◆ Materials provided ◆
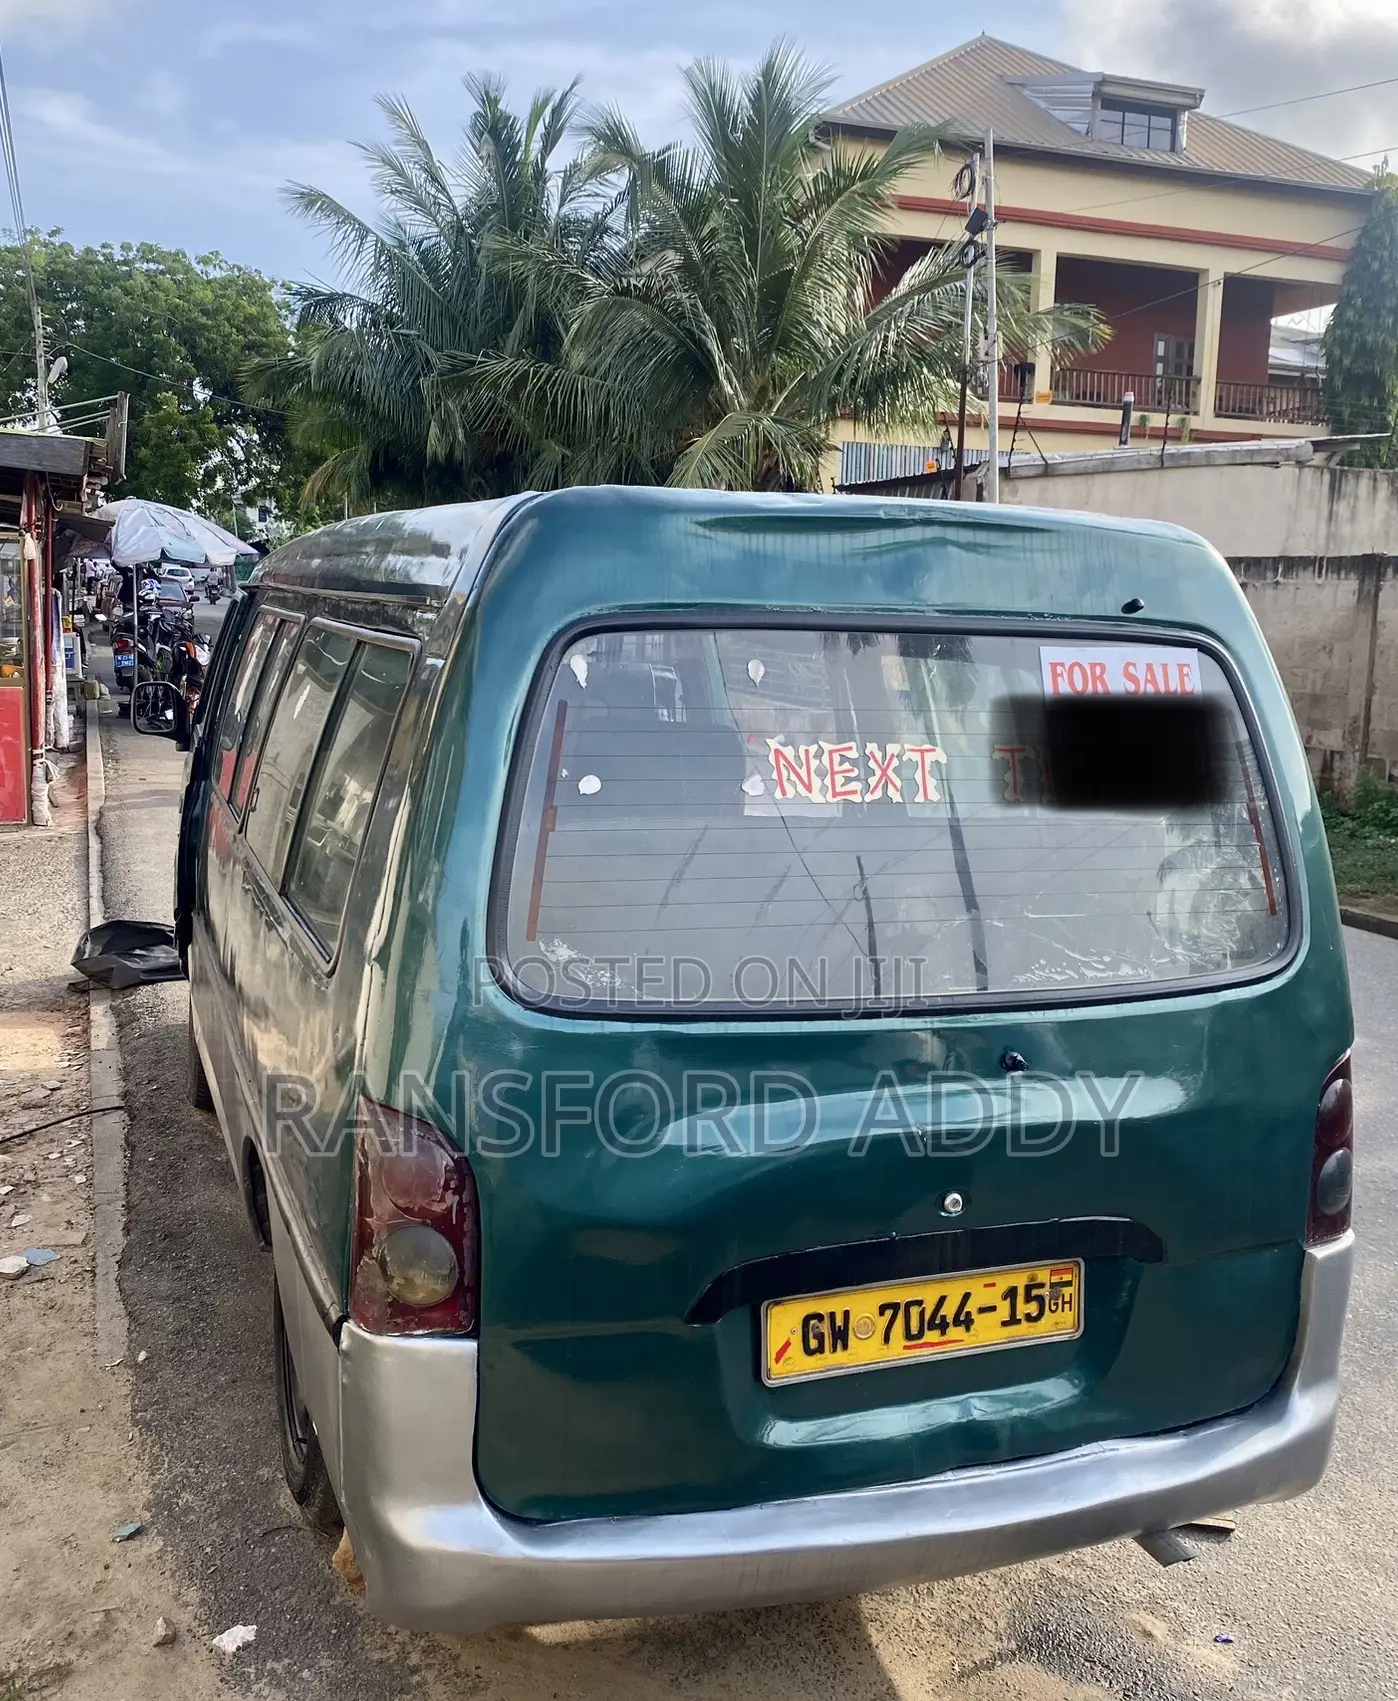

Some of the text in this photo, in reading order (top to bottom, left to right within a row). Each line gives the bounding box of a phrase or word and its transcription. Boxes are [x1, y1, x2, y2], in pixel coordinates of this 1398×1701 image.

[1048, 661, 1196, 697] FOR SALE
[770, 742, 942, 801] NEXT
[801, 1282, 1046, 1357] GW 7044-15
[1048, 1292, 1073, 1314] GH
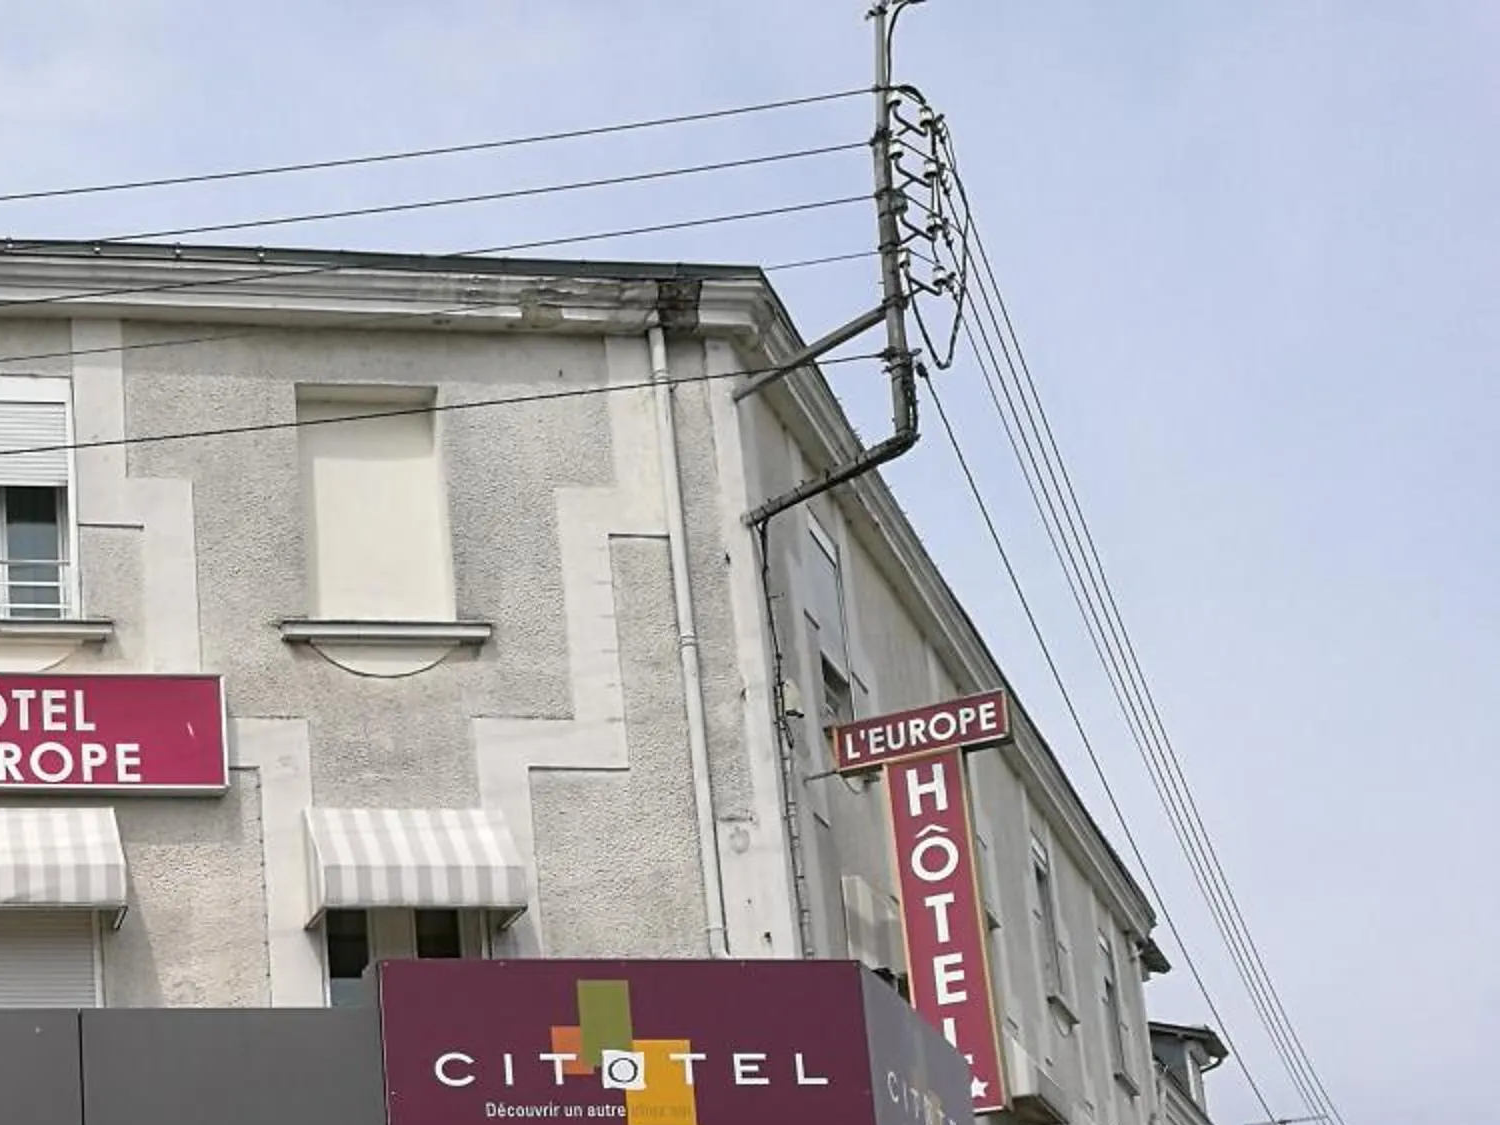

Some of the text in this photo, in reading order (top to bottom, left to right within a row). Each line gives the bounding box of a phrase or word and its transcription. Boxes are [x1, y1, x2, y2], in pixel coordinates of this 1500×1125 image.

[844, 701, 998, 760] L'EUROPE
[433, 1049, 830, 1090] CITOTEL
[485, 1101, 560, 1118] Découvrir
[563, 1104, 583, 1118] un
[587, 1103, 627, 1118] autre
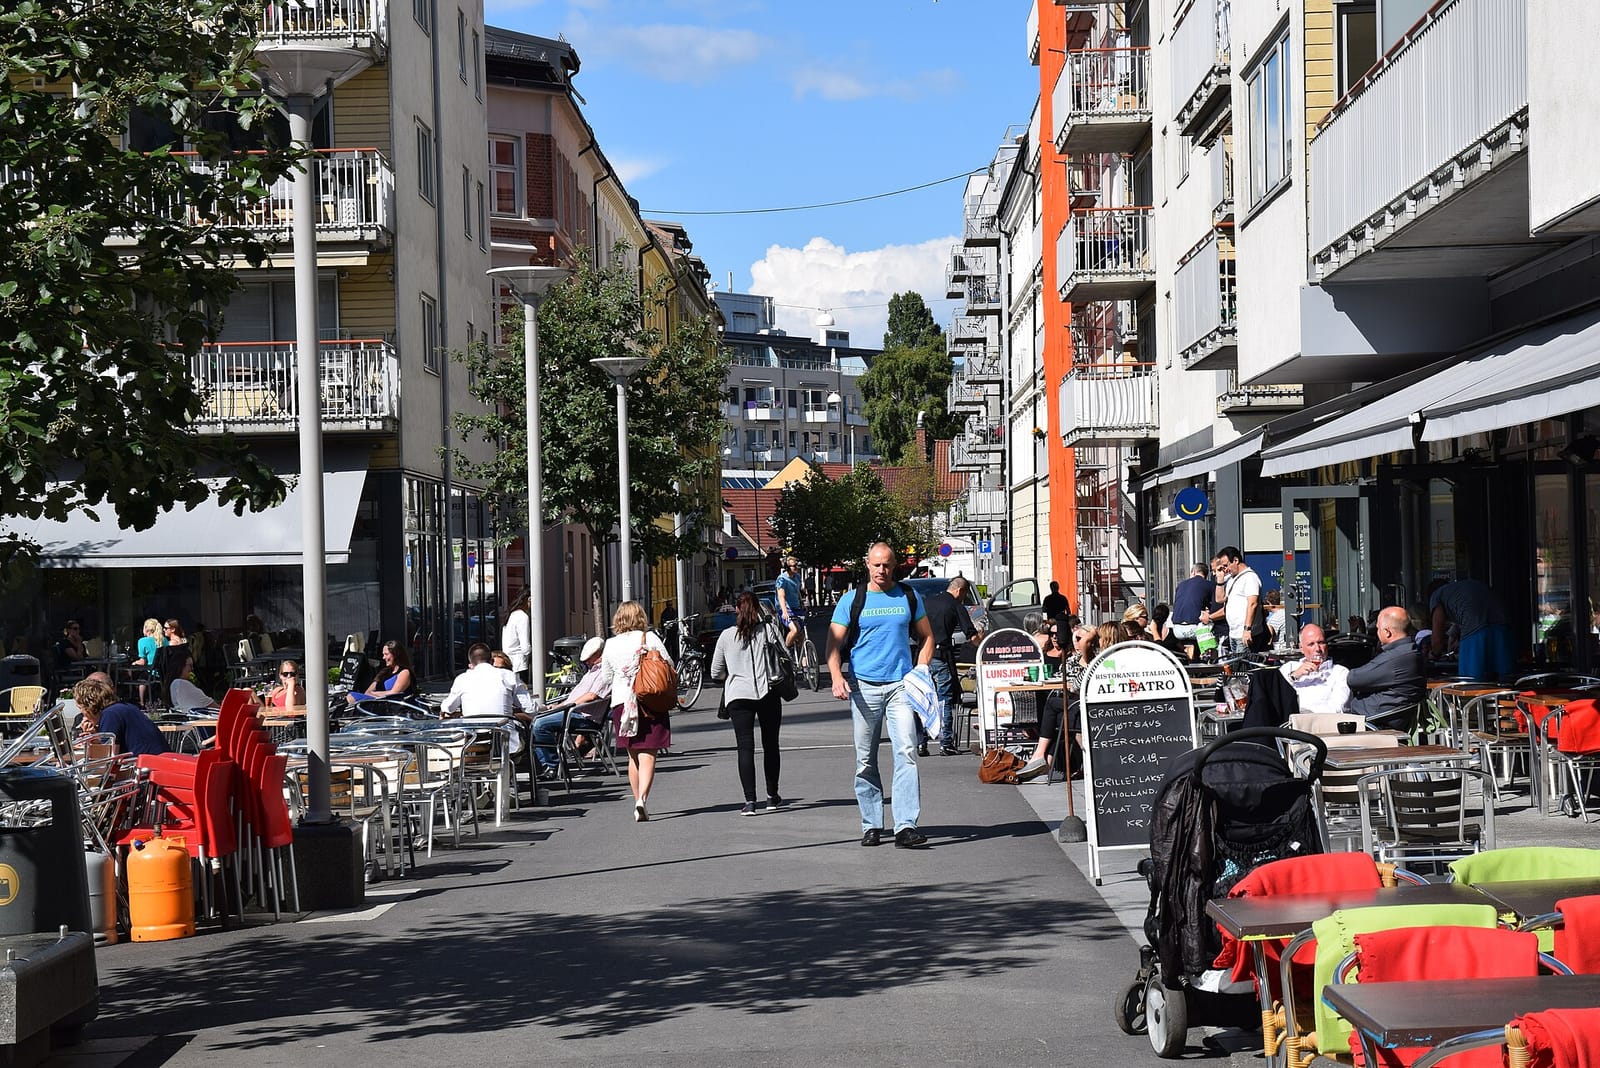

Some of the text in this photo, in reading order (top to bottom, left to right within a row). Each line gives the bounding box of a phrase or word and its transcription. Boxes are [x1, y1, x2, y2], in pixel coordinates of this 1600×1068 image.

[982, 542, 989, 552] P
[986, 669, 1026, 679] LUNSJME
[1096, 671, 1140, 680] RISTORANTE
[1098, 680, 1175, 694] AL TEATRO
[1088, 703, 1176, 719] GRATINERT PASTA
[1092, 737, 1128, 748] ERTER
[1120, 753, 1136, 765] KR
[1094, 775, 1136, 788] GRILLET
[1097, 804, 1132, 815] SALAT
[1126, 819, 1144, 828] KR
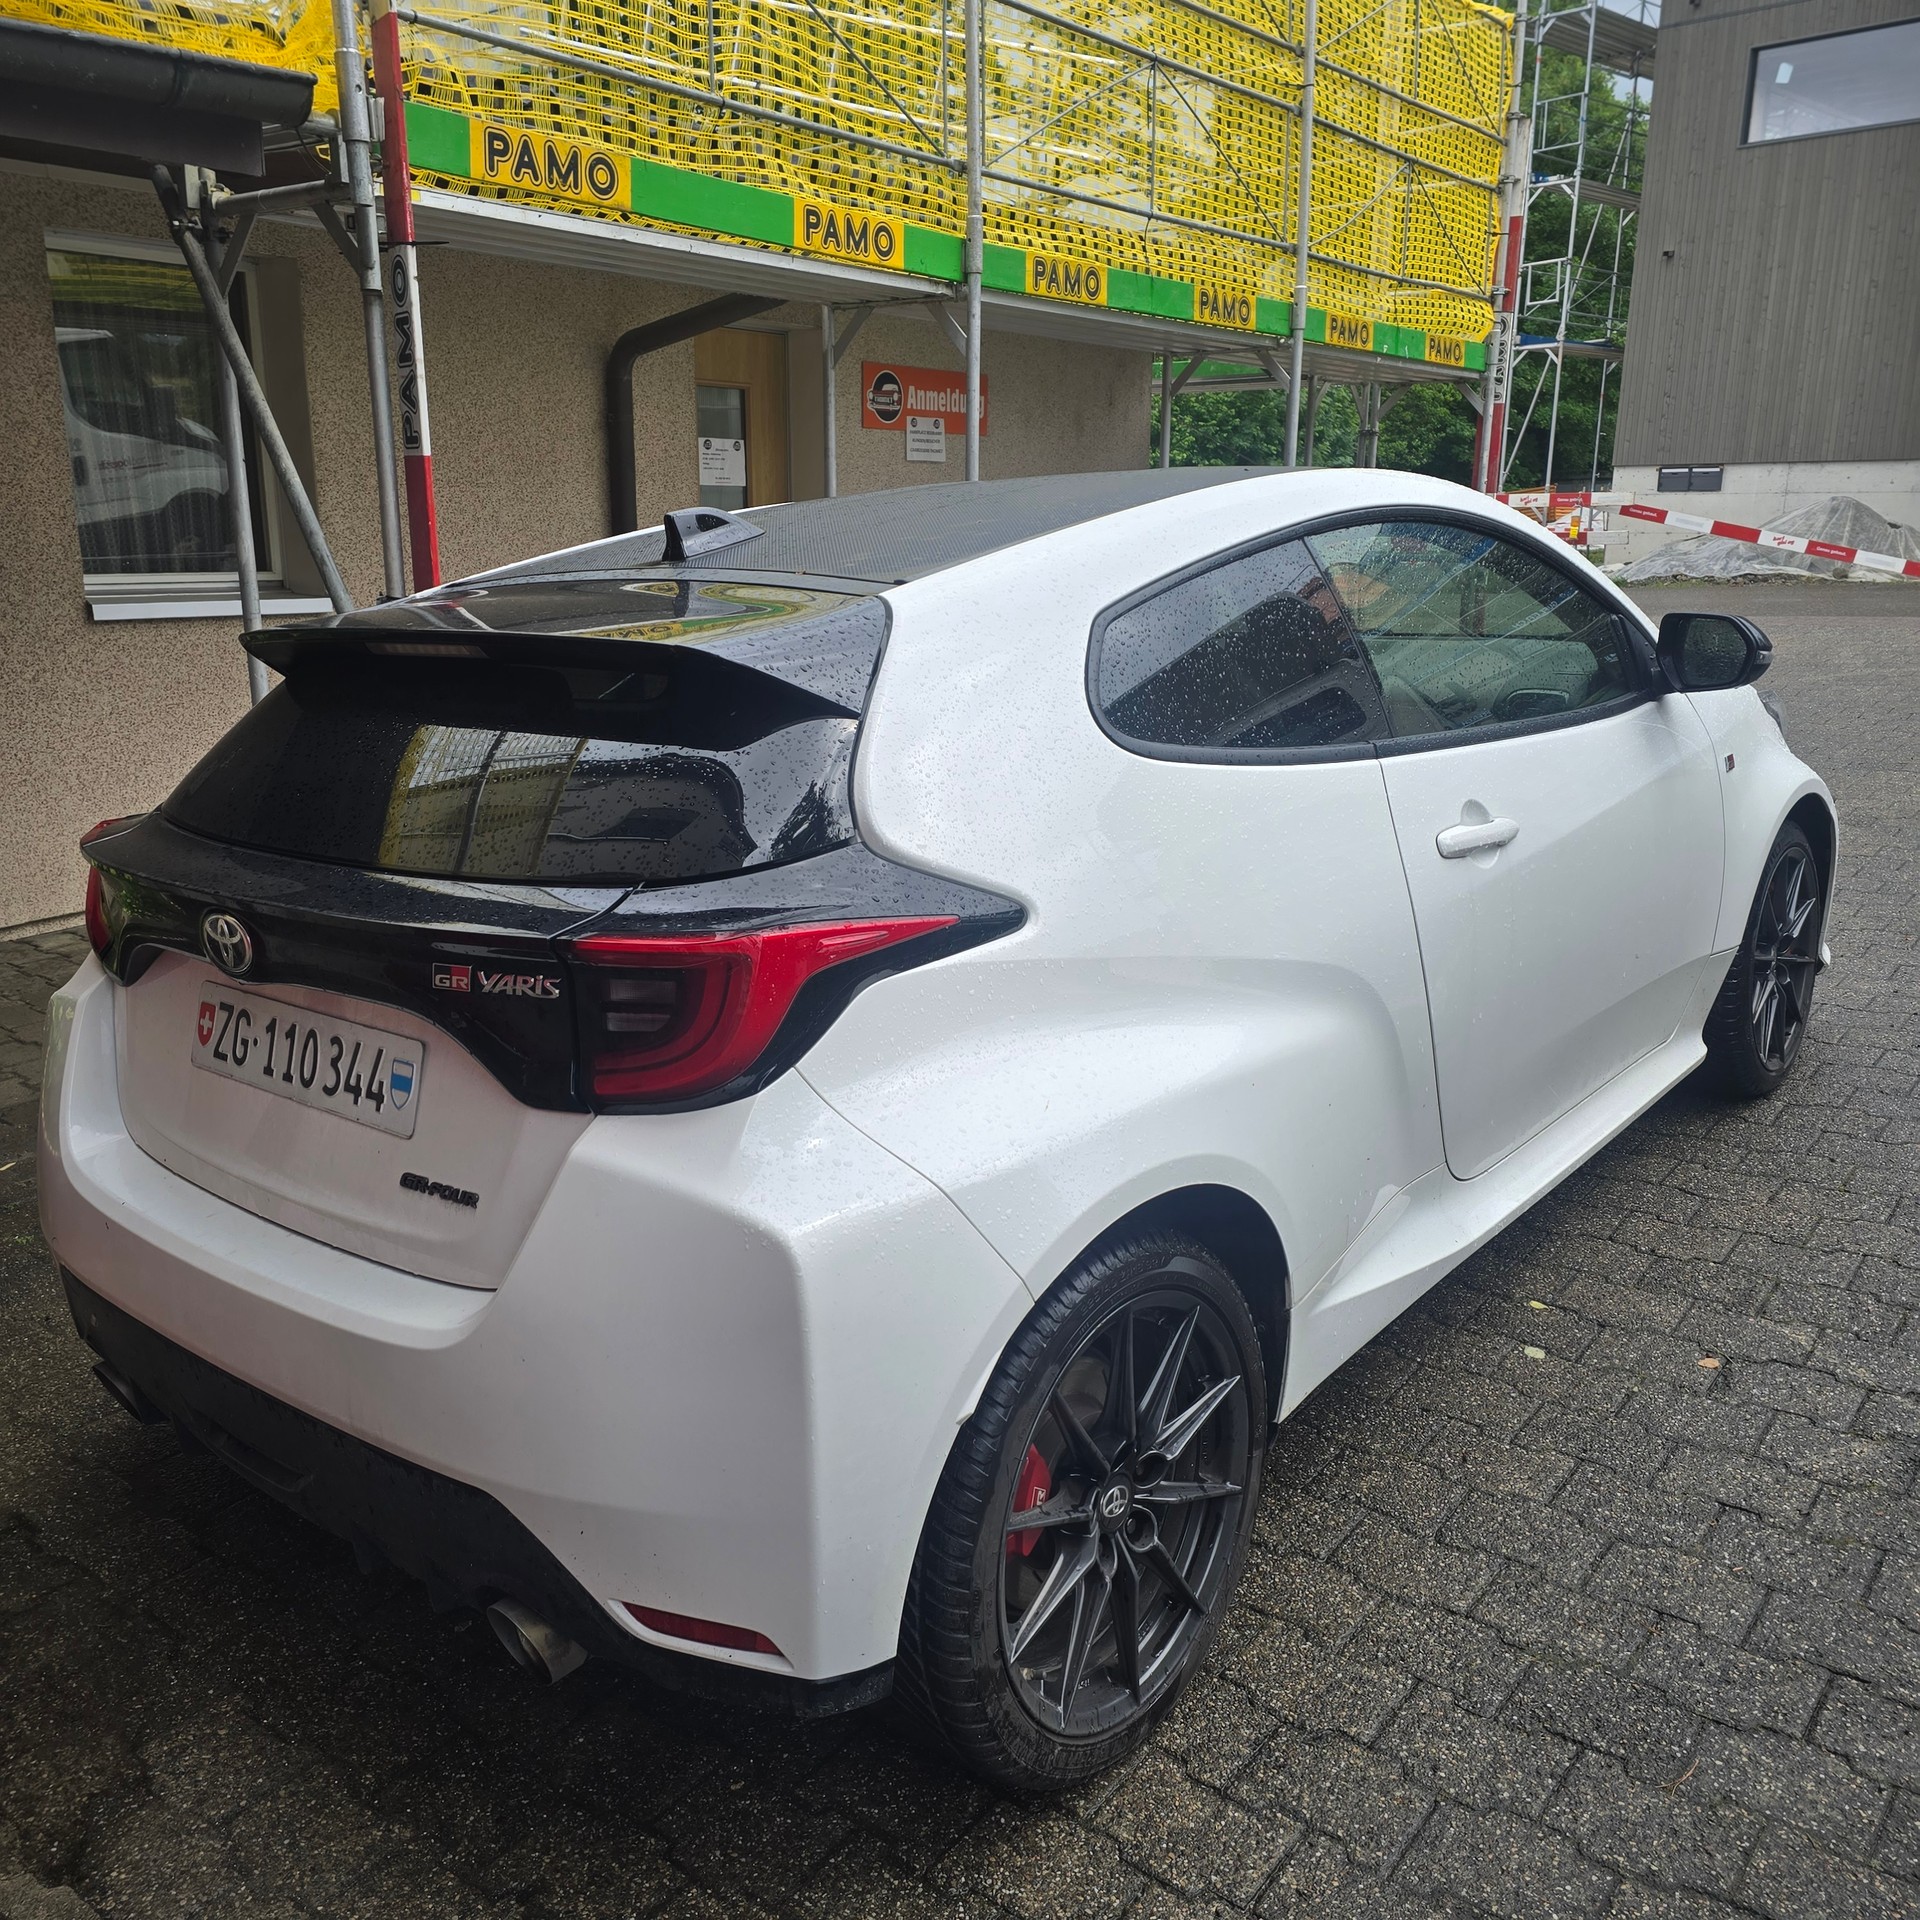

◆ Task to carry out ◆
Nothing but the records, copied exactly and stripped of pictures, should be returned.

◆ Solution to this problem ◆
Some of the text in this photo, in reading order (top to bottom, left to right within a row). Each line gives the bounding box of a phrase or word and its transcription. Boxes are [x1, y1, x2, y2], in pixel coordinates of this 1398×1701 image.

[1048, 661, 1196, 697] FOR SALE
[770, 742, 942, 801] NEXT
[801, 1282, 1046, 1357] GW 7044-15
[1048, 1292, 1073, 1314] GH

Some of the text in this photo, in reading order (top to bottom, left to right within a row). Each line gives the bounding box of a phrase or word and its transcription. Boxes are [x1, y1, x2, y2], in pixel coordinates of this 1500×1125 image.

[844, 701, 998, 760] L'EUROPE
[433, 1049, 830, 1090] CITOTEL
[485, 1101, 560, 1118] Découvrir
[563, 1104, 583, 1118] un
[587, 1103, 627, 1118] autre

Some of the text in this photo, in reading order (top to bottom, left to right within a row). Each line gives the bounding box of a phrase or word and its transcription. Boxes are [x1, y1, x2, y2], in pixel coordinates of this 1600×1068 image.

[982, 542, 989, 552] P
[986, 669, 1026, 679] LUNSJME
[1096, 671, 1140, 680] RISTORANTE
[1098, 680, 1175, 694] AL TEATRO
[1088, 703, 1176, 719] GRATINERT PASTA
[1092, 737, 1128, 748] ERTER
[1120, 753, 1136, 765] KR
[1094, 775, 1136, 788] GRILLET
[1097, 804, 1132, 815] SALAT
[1126, 819, 1144, 828] KR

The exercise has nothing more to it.